- Supplied data
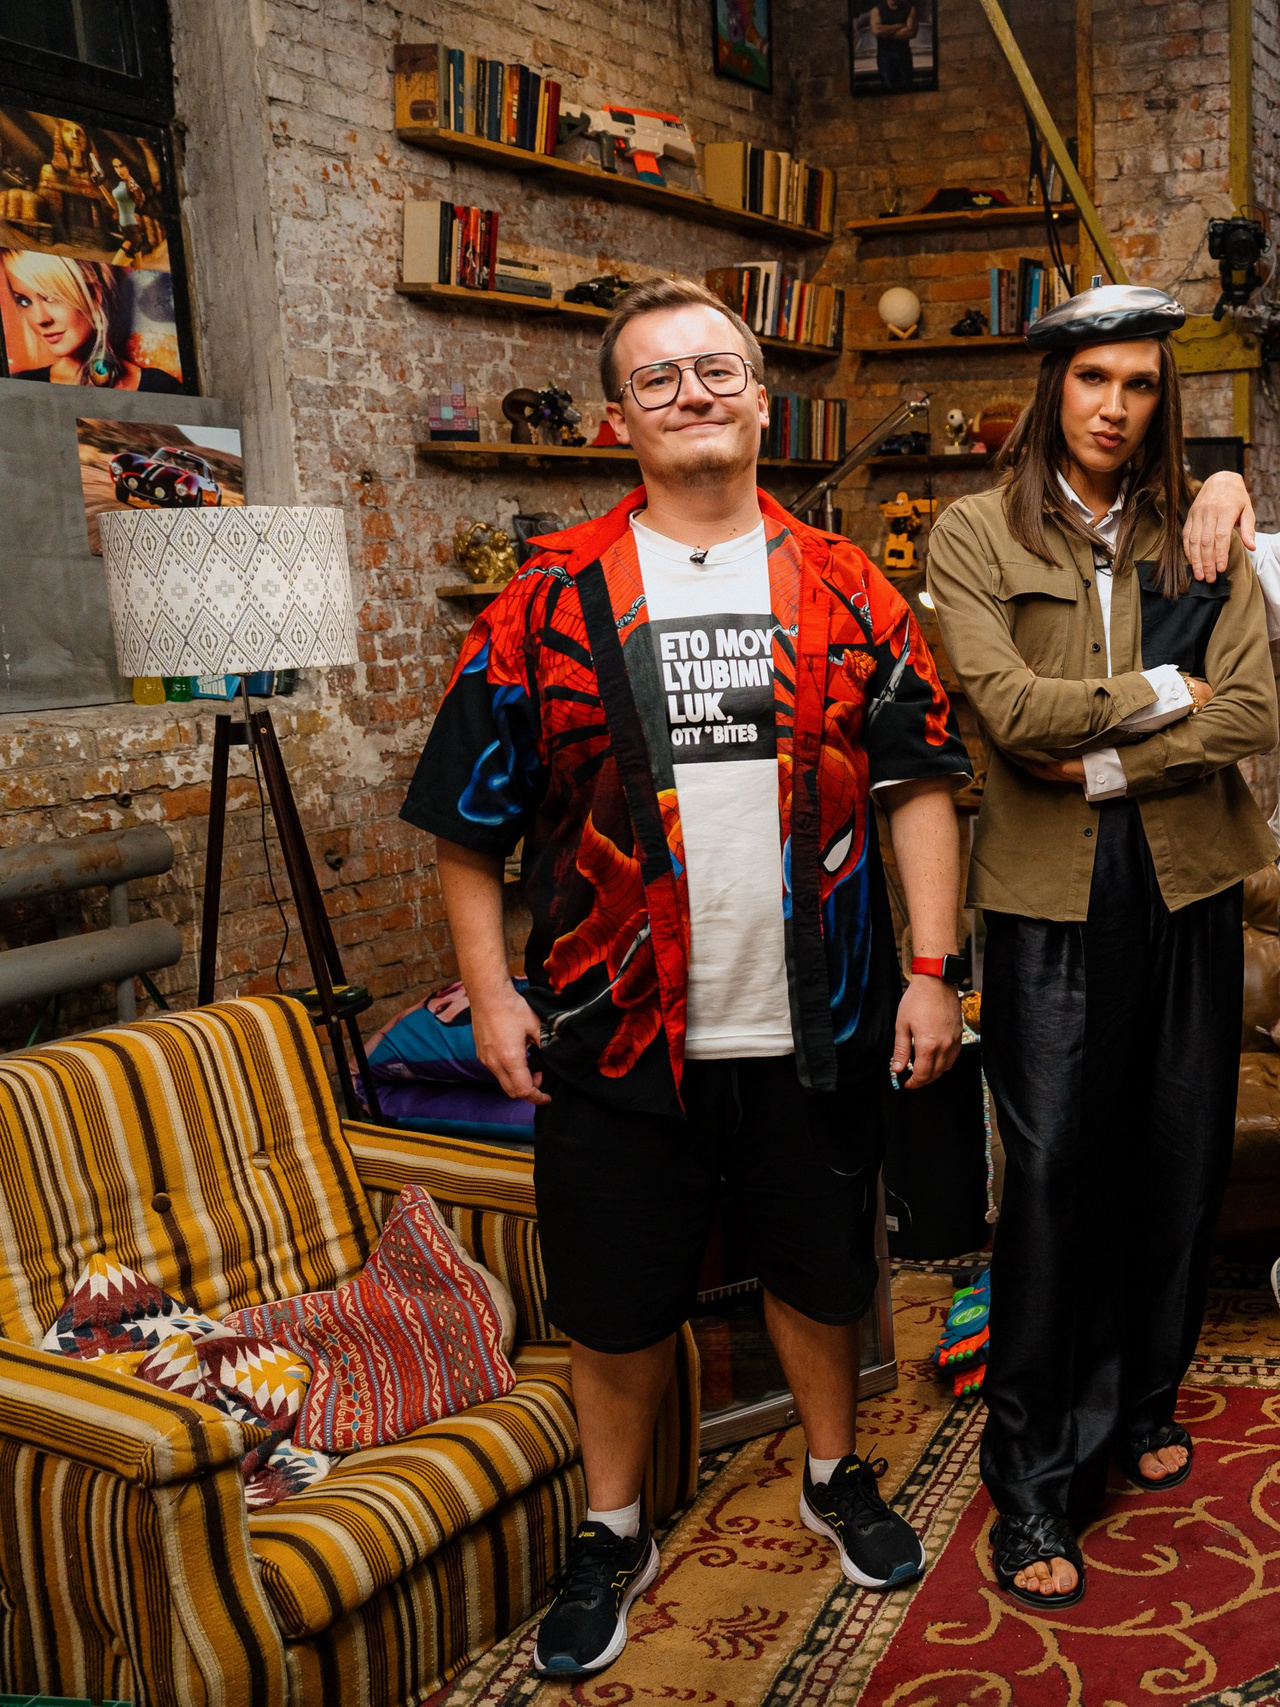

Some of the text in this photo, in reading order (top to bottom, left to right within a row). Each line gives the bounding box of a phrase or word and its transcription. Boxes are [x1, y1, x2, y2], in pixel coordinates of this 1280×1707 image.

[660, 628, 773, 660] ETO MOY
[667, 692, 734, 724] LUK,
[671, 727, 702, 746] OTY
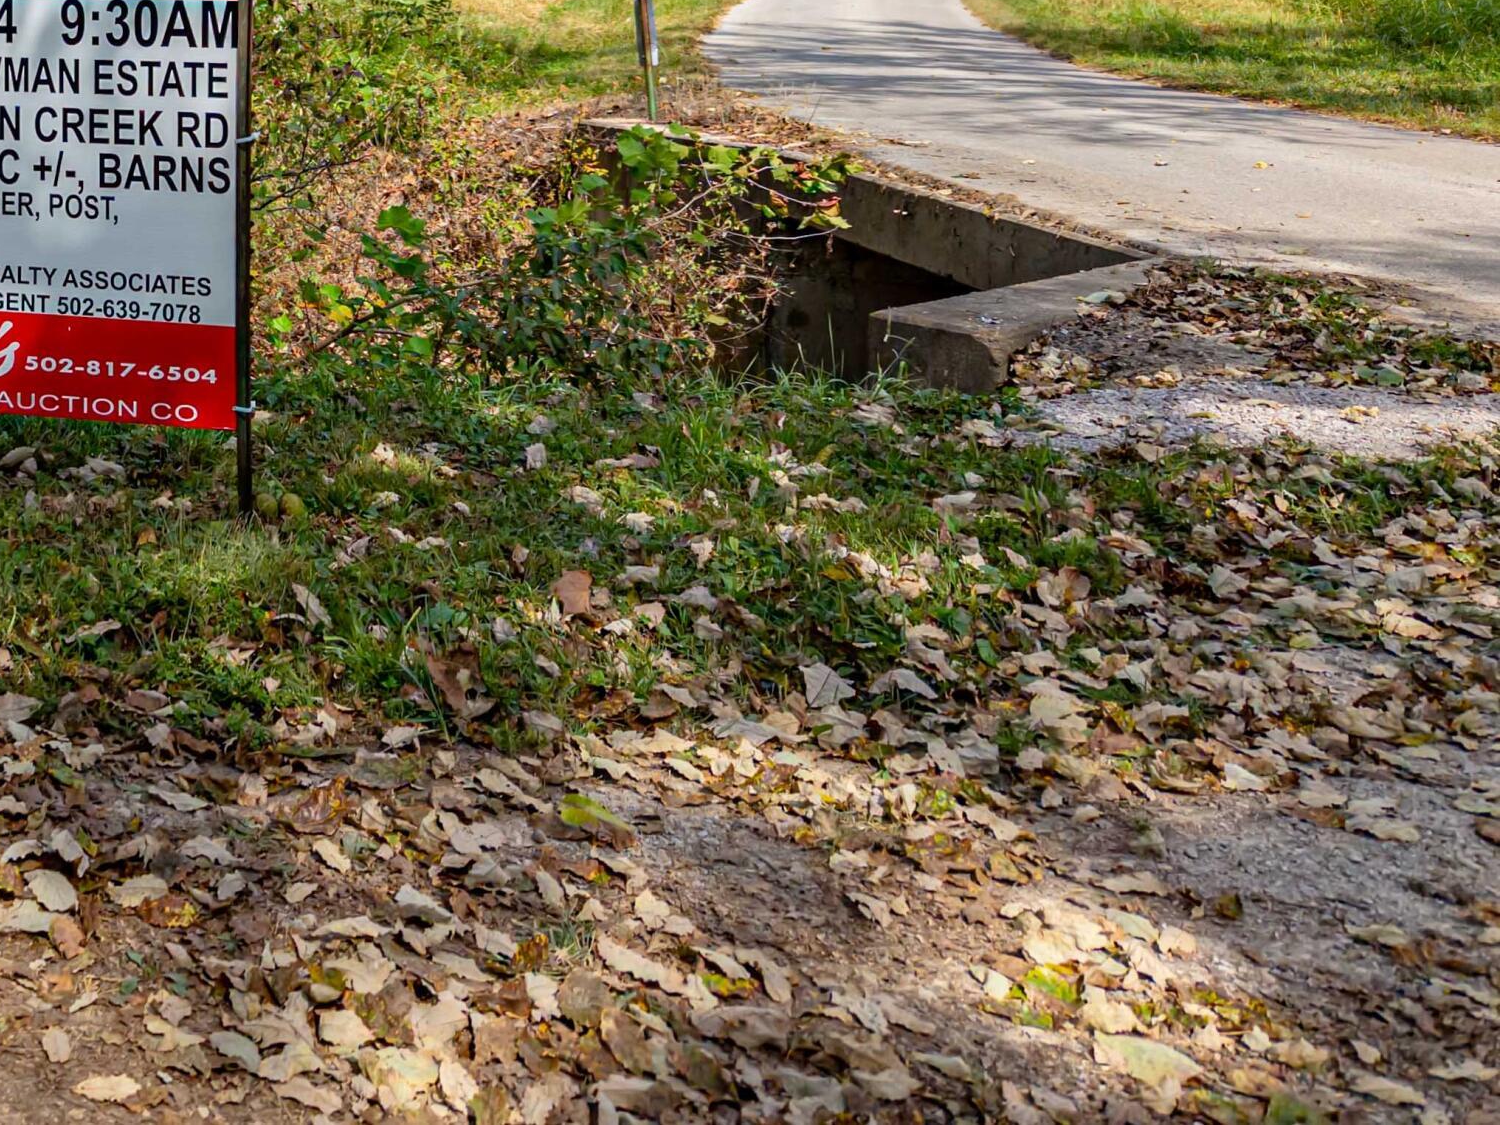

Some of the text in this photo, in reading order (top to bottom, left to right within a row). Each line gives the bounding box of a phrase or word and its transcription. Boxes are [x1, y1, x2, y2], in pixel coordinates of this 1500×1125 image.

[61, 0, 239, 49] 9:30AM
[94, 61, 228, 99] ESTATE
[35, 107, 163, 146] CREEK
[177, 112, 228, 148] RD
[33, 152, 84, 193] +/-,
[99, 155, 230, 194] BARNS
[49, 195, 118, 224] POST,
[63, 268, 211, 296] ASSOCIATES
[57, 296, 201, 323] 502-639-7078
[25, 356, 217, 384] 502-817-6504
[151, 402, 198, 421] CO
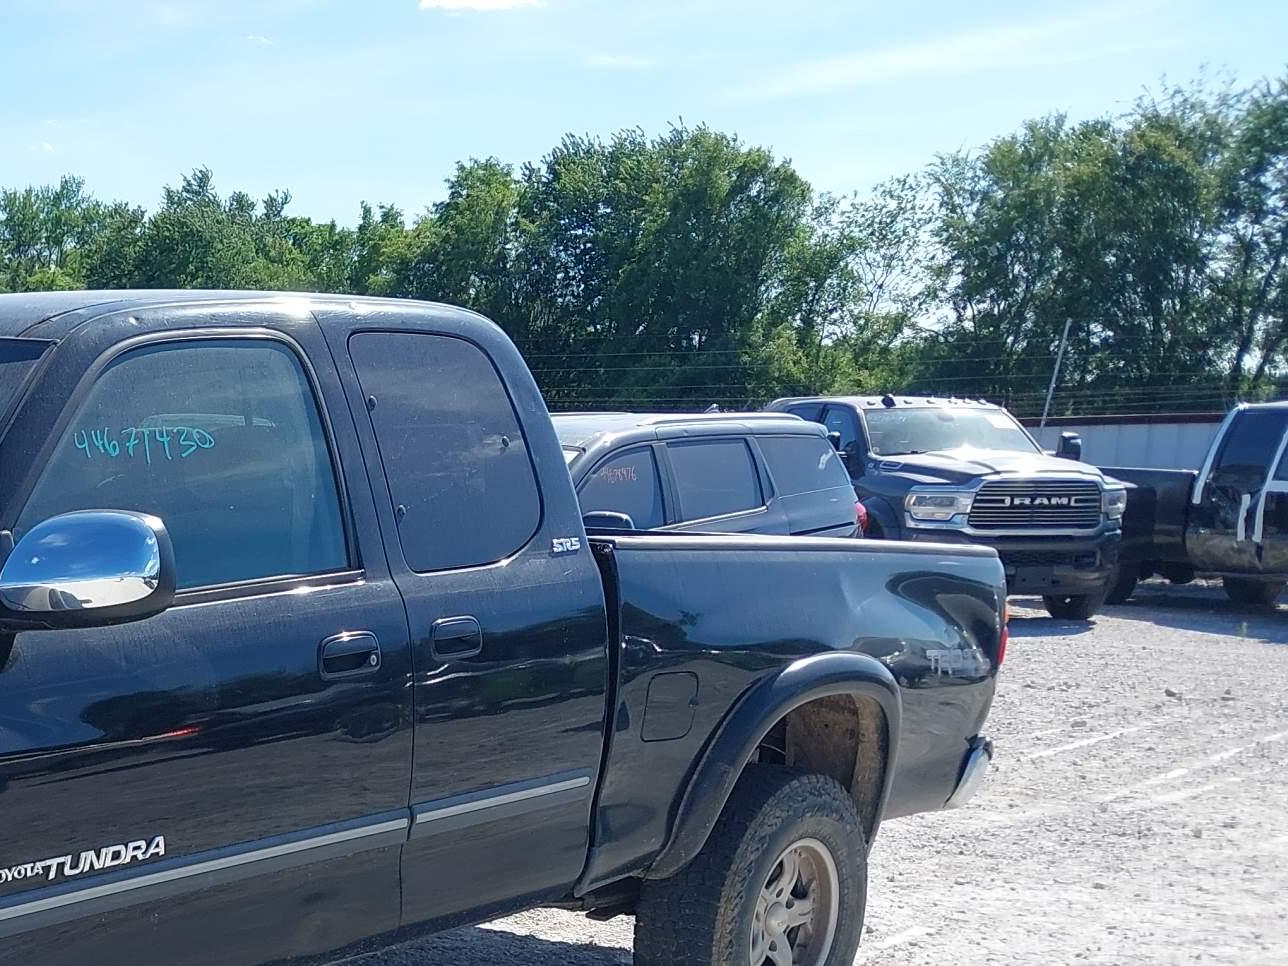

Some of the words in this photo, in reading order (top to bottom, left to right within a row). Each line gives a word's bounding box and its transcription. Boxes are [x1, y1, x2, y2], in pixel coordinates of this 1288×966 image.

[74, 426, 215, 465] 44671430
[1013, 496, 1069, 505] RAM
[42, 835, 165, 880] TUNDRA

- Exercise aim
Each entry should be repeated exactly as it appears; the pictures stay out.

- Task response
Some of the text in this photo, in reading order (top to bottom, left to right within a row). Each line gives the bounding box of a phrase or word and its transcription. Boxes are [x1, y1, x2, y2], in pixel coordinates of this 1280×1707 image.

[660, 628, 773, 660] ETO MOY
[667, 692, 734, 724] LUK,
[671, 727, 702, 746] OTY

Some of the text in this photo, in reading order (top to bottom, left to right within a row). Each line gives the bounding box of a phrase or word and its transcription. Boxes are [x1, y1, x2, y2], in pixel coordinates of this 1500×1125 image.

[61, 0, 239, 49] 9:30AM
[94, 61, 228, 99] ESTATE
[35, 107, 163, 146] CREEK
[177, 112, 228, 148] RD
[33, 152, 84, 193] +/-,
[99, 155, 230, 194] BARNS
[49, 195, 118, 224] POST,
[63, 268, 211, 296] ASSOCIATES
[57, 296, 201, 323] 502-639-7078
[25, 356, 217, 384] 502-817-6504
[151, 402, 198, 421] CO

Some of the words in this photo, in reading order (top to bottom, left to right within a row). Each line gives a word's bounding box and its transcription. Boxes are [x1, y1, x2, y2], in pixel coordinates of this 1288×966 image.

[74, 426, 215, 465] 44671430
[1013, 496, 1069, 505] RAM
[42, 835, 165, 880] TUNDRA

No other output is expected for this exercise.